C. Miklusak's Termination

Miklusak's rocky relationship with the City and with Raykovich in particular came to a head in a meeting on May 20, 2002. Miklusak met with Raykovich and Director of Fleet Maintenance Cesar Perez to obtain specific information for Perez which she needed to complete state and federal reports. (Id. at 164). Also present at the meetings were Director of Finance, George Weems; City Controller, Edward Moldanodo; Chief of Staff, Robert Hoggs; and Deputy Controller, Kim Anderson. (Id. at 164-65). While there were no less than seven people at the meeting, the only evidence provided to the Court of what occurred that day are given by Raykovich and Miklusak. Neither the City nor Miklusak submitted affidavits or testimony of any of the other individuals present at the May 20, 2002 meeting. According to Miklusak, Raykovich asked Perez questions and allowed Perez ample opportunity to respond to those questions. (Id. at 65-66). In contrast, Raykovich would not allow Miklusak to speak or respond to questions, but instead stood and yelled at Miklusak. (Id. at 167-68). In response, Miklusak stood and gathered her papers to leave the room. (Id. at 168-69). According to Miklusak, Raykovich then yelled at her to "sit down" and "come back here." (Id.). Miklusak then left the meeting. (Id.).
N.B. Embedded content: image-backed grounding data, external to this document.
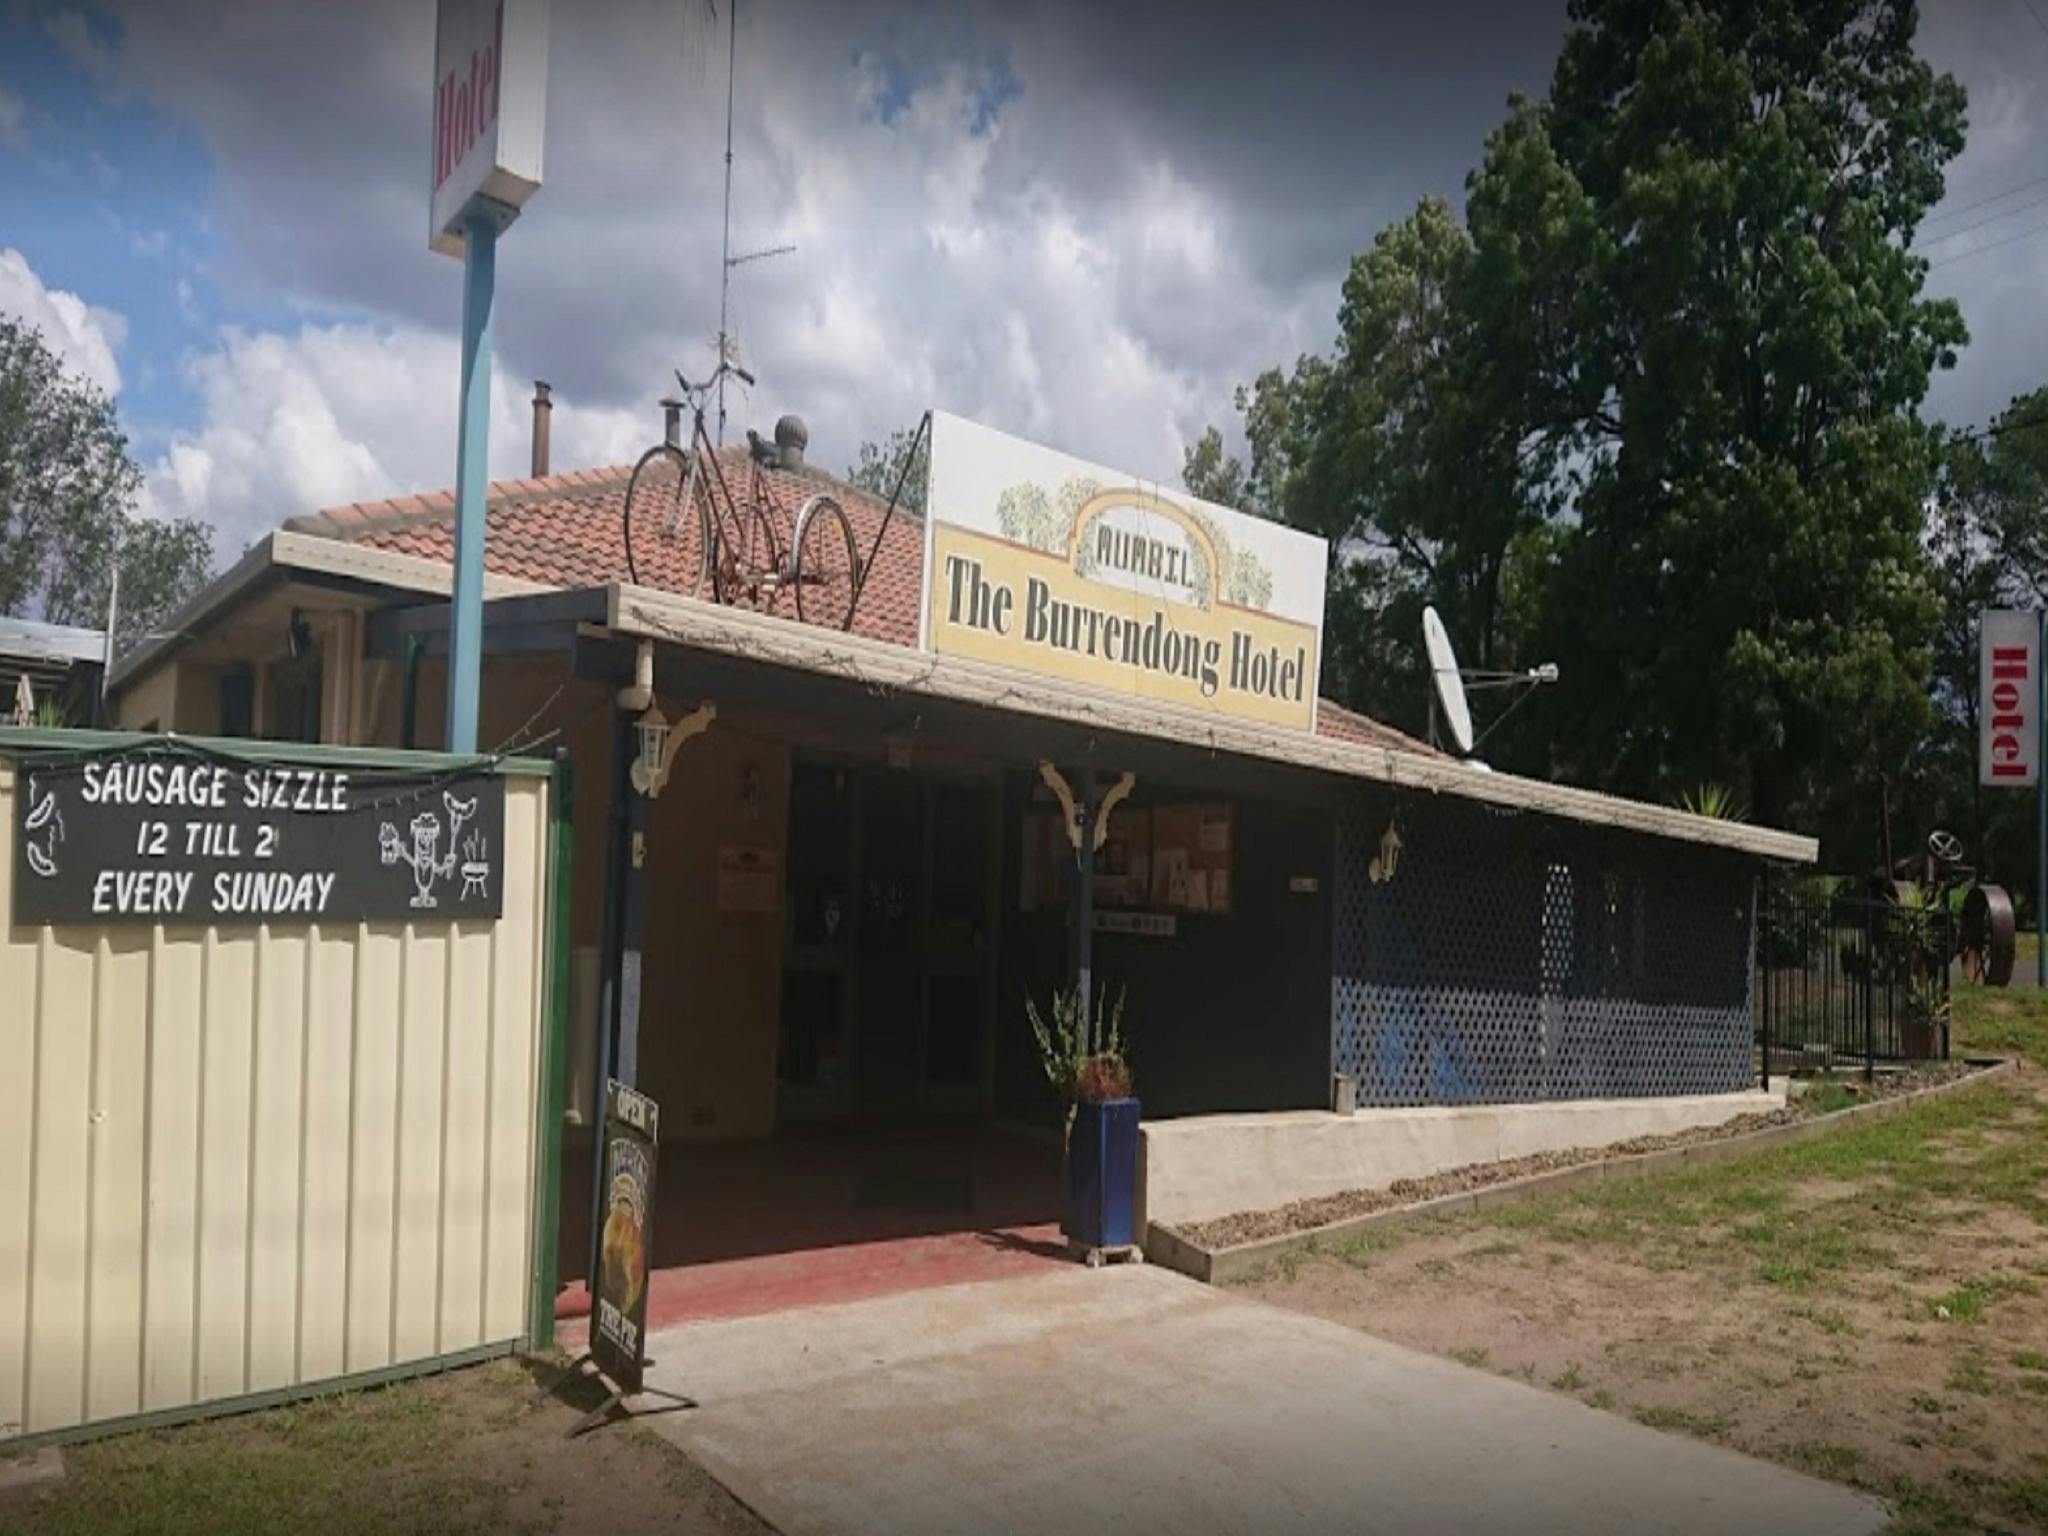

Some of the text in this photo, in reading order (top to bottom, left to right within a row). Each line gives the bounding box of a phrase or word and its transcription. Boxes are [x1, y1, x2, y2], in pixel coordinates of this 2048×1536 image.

[946, 556, 1306, 703] The Burrendong Hotel
[1993, 648, 2027, 776] Hotel
[81, 762, 350, 811] SAUSAGE SIZZLE
[136, 821, 169, 857] 12
[184, 824, 241, 856] TILL
[92, 872, 335, 912] EVERY SUNDAY
Ten days later, on May 30, 2002, Miklusak received a notice of termination. (Plf. Resp. Ex. 5). The notice of termination did not give Miklusak a reason for the termination. Moreover, when she went to pick up her last paycheck, she asked Anthony Mrvan, the Director of Personnel Services, why she was fired; he refused to tell her.

The City apparently disputes Miklusak's account of her firing. However, the City's inconsistent arguments and contradictory factual statements make it nearly impossible for the Court to understand the City's interpretation of the events. First, the City claims that Miklusak, in effect, quit. (Plf. Resp. Ex. 6 at Interrogatory 4). Purportedly, Raykovich warned Miklusak at the May 20, 2002 meeting that if she left, it would be considered a resignation. (Id.). Then, the City claims that actually Miklusak was fired. (Id. at Interrogatory 6; Def. Mot. at 4; Def. Reply at 1). Although it now appears that the City admits to terminating Miklusak, it still cannot state how or when the decision to terminate was made. On one hand, the City states that the decision to terminate Miklusak was made by Raykovich and Mayor Pastrick on May 30, 2002. (Plf. Resp. Ex. 6 at Interrogatory 4). Indeed, the City goes so far to argue that the "uncontested facts show that May 30th is the date when Raykovich first informed the Mayor about Miklusak's insubordination." (Def. Reply at 4). However, in his affidavit appended to the City's Brief as Exhibit 4, Raykovich states that he reported Miklusak's behavior at the May 20, 2004 meeting "later that day," implying that he actually spoke to Mayor Pastrick on May 20, 2004. (Raykovich Aff. at ¶ 8; Def. Brief at 4). Further, the City continued to pay Miklusak until May 30, 2004 and did not limit her access to her office or any other City buildings until she received her termination notice on May 30, 2004. Thus, the City's account of events, by itself, raises significant unresolved factual questions.

II. DISCUSSION

Summary judgment is proper "if the pleadings, depositions, answers to interrogatories, admissions on file, together with the affidavits, if any, show that there is no genuine issue as to any material fact and that the moving party is entitled to a judgment as a matter of law." Fed.R.Civ.P. 56(c). The party seeking summary judgment carries the initial burden of demonstrating an absence of evidence to support the position of the non-moving party. Doe v. R.R. Donnelley Sons, Co., 42 F.3d 439, 433 (7th Cir. 1994). The non-moving party must then set forth specific facts showing there is a genuine issue of material fact and that the moving party is not entitled to judgment as a matter of law. Anderson v. Liberty Lobby, 477 U.S. 242, 252 (1986). A genuine dispute about a material fact exists only if the evidence is such that a reasonable jury could return a verdict for the non-moving party. Celotex Corp. v. Catrett, 477 U.S. 317, 323-24 (1986).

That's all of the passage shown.